◆ What you will do
Return all of the entries word for word, but omit the pictures they contain.

◆ Records supplied
----
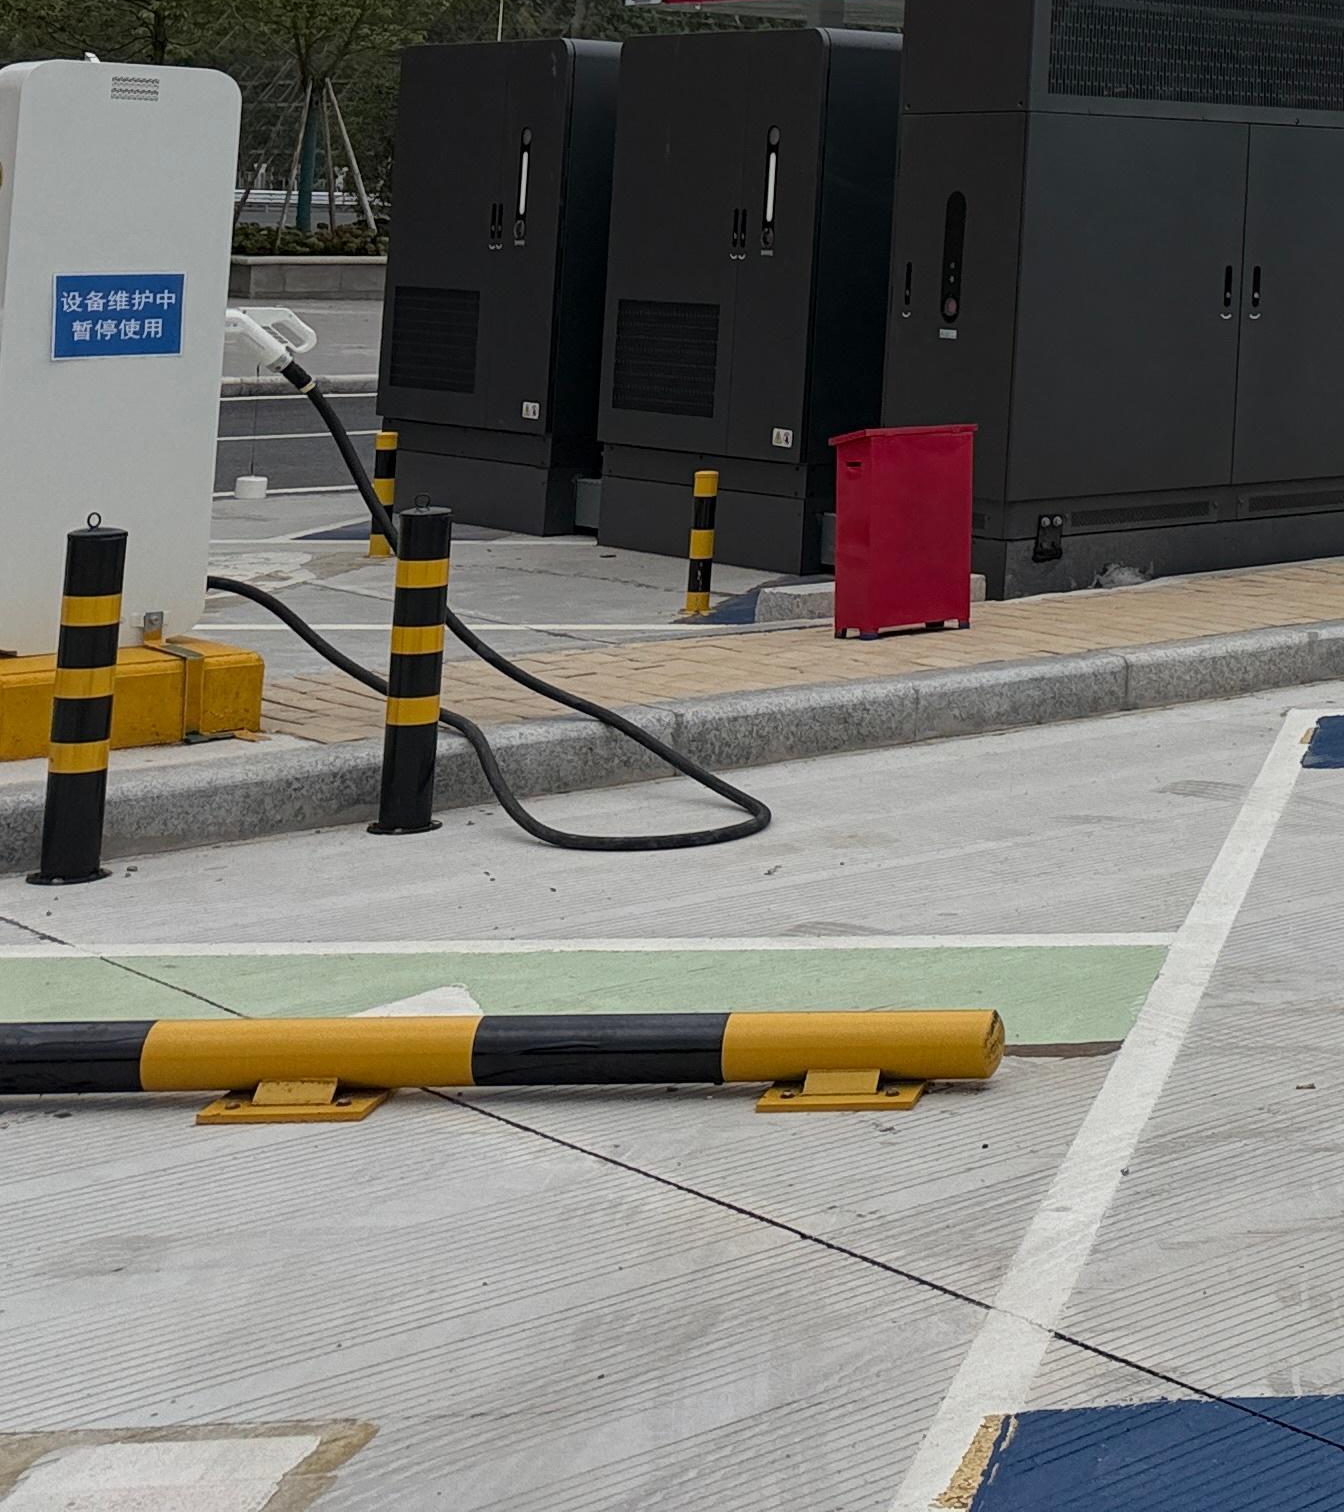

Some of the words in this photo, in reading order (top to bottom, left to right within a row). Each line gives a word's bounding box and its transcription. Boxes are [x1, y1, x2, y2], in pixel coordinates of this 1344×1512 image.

[60, 289, 176, 312] 设备维护中
[71, 318, 163, 341] 暂停使用
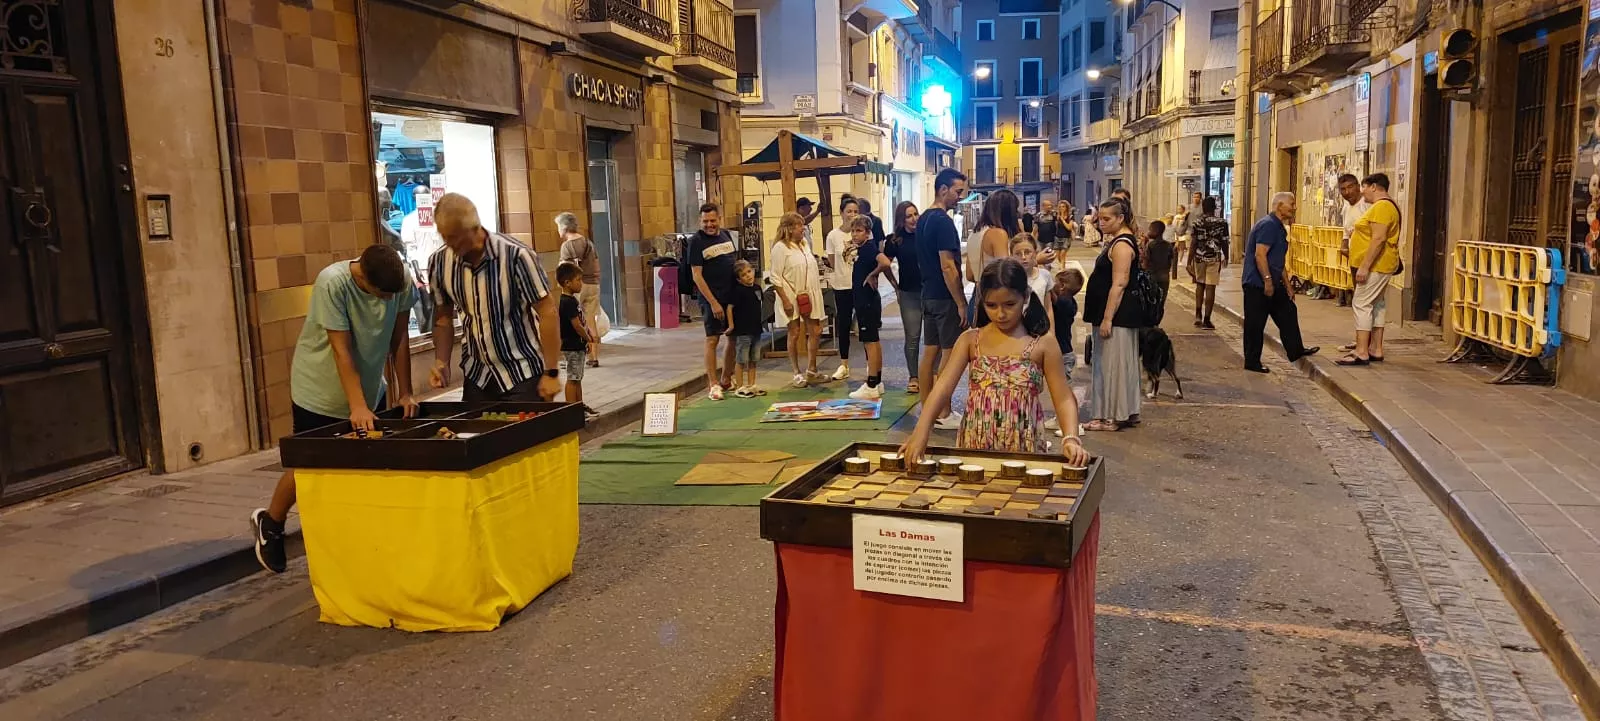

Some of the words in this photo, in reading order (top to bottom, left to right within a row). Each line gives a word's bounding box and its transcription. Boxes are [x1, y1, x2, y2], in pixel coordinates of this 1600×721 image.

[154, 37, 174, 58] 26
[572, 72, 613, 104] CHACA
[613, 82, 642, 109] SPORT
[1184, 118, 1235, 133] MISTE
[1215, 139, 1235, 149] Abri
[747, 207, 757, 218] P
[879, 529, 897, 538] Las
[900, 531, 936, 541] Damas
[893, 551, 917, 559] diagonal
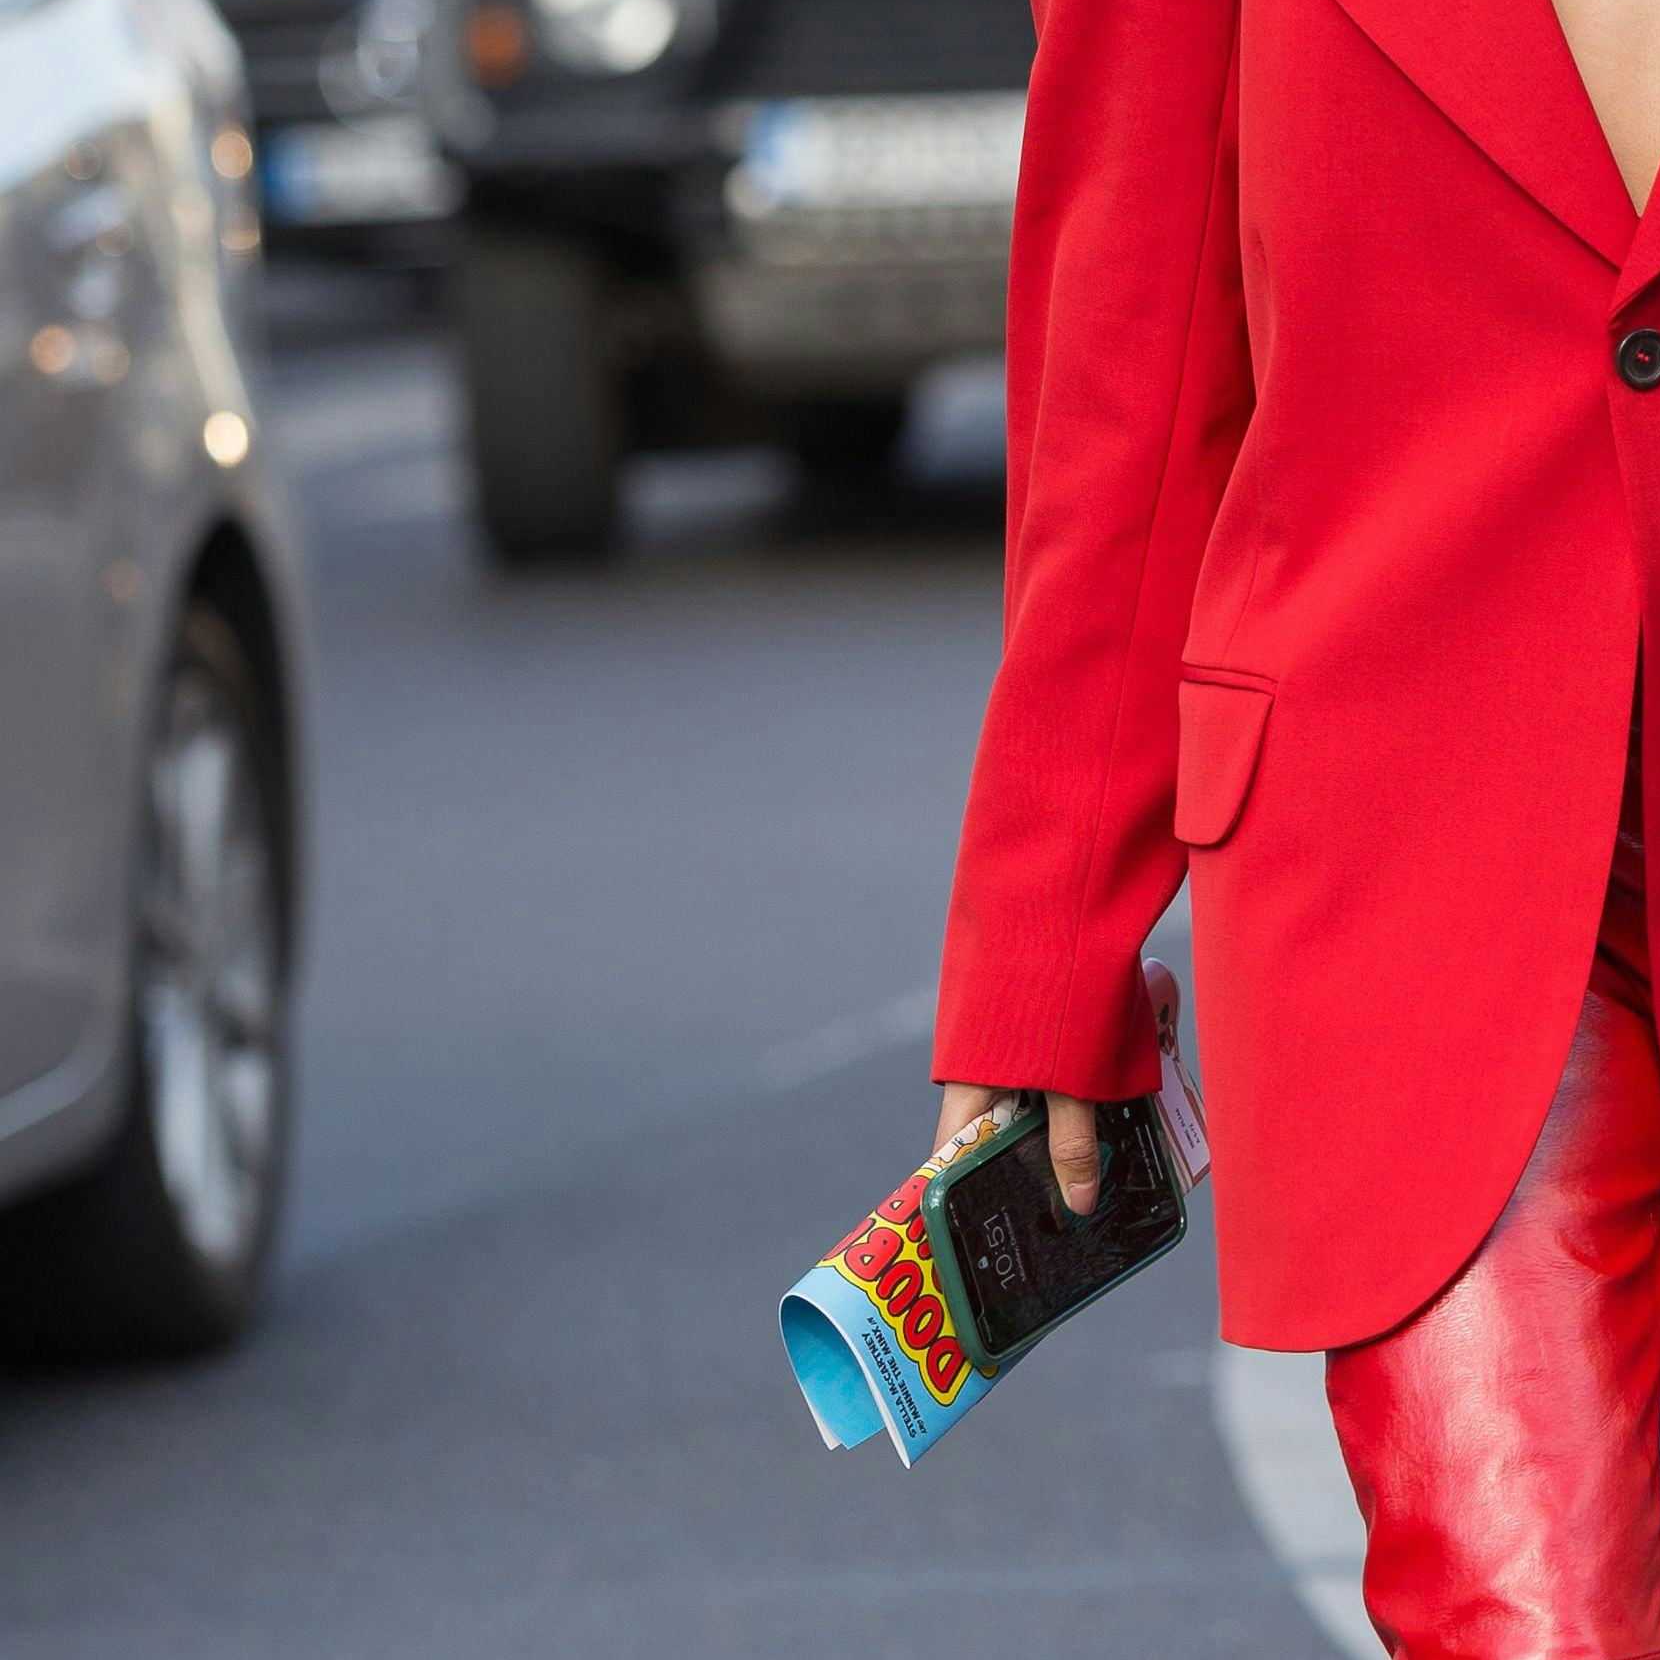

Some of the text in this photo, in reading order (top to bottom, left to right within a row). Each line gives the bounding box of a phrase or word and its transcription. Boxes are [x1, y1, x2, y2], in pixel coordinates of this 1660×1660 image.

[984, 1214, 1015, 1289] 10:51
[872, 1326, 892, 1355] MINX
[862, 1333, 917, 1438] STELLA McCARTNEY
[887, 1356, 902, 1380] THE
[898, 1380, 920, 1419] MINNIE
----
◆ Solution below
Some of the words in this photo, in reading order (top to bottom, left to right within a row). Each line gives a word's bounding box and its transcription. Boxes are [x1, y1, x2, y2], in pixel coordinates of this 1344×1512 image.

[60, 289, 176, 312] 设备维护中
[71, 318, 163, 341] 暂停使用

Some of the words in this photo, in reading order (top to bottom, left to right within a row). Each line gives a word's bounding box and its transcription. Boxes are [x1, y1, x2, y2], in pixel coordinates of this 1600×721 image.

[154, 37, 174, 58] 26
[572, 72, 613, 104] CHACA
[613, 82, 642, 109] SPORT
[1184, 118, 1235, 133] MISTE
[1215, 139, 1235, 149] Abri
[747, 207, 757, 218] P
[879, 529, 897, 538] Las
[900, 531, 936, 541] Damas
[893, 551, 917, 559] diagonal

Some of the text in this photo, in reading order (top to bottom, left to right within a row). Each line gives the bounding box of a phrase or word and its transcription. Boxes are [x1, y1, x2, y2], in pixel coordinates of this 1660×1660 image.

[984, 1214, 1015, 1289] 10:51
[872, 1326, 892, 1355] MINX
[862, 1333, 917, 1438] STELLA McCARTNEY
[887, 1356, 902, 1380] THE
[898, 1380, 920, 1419] MINNIE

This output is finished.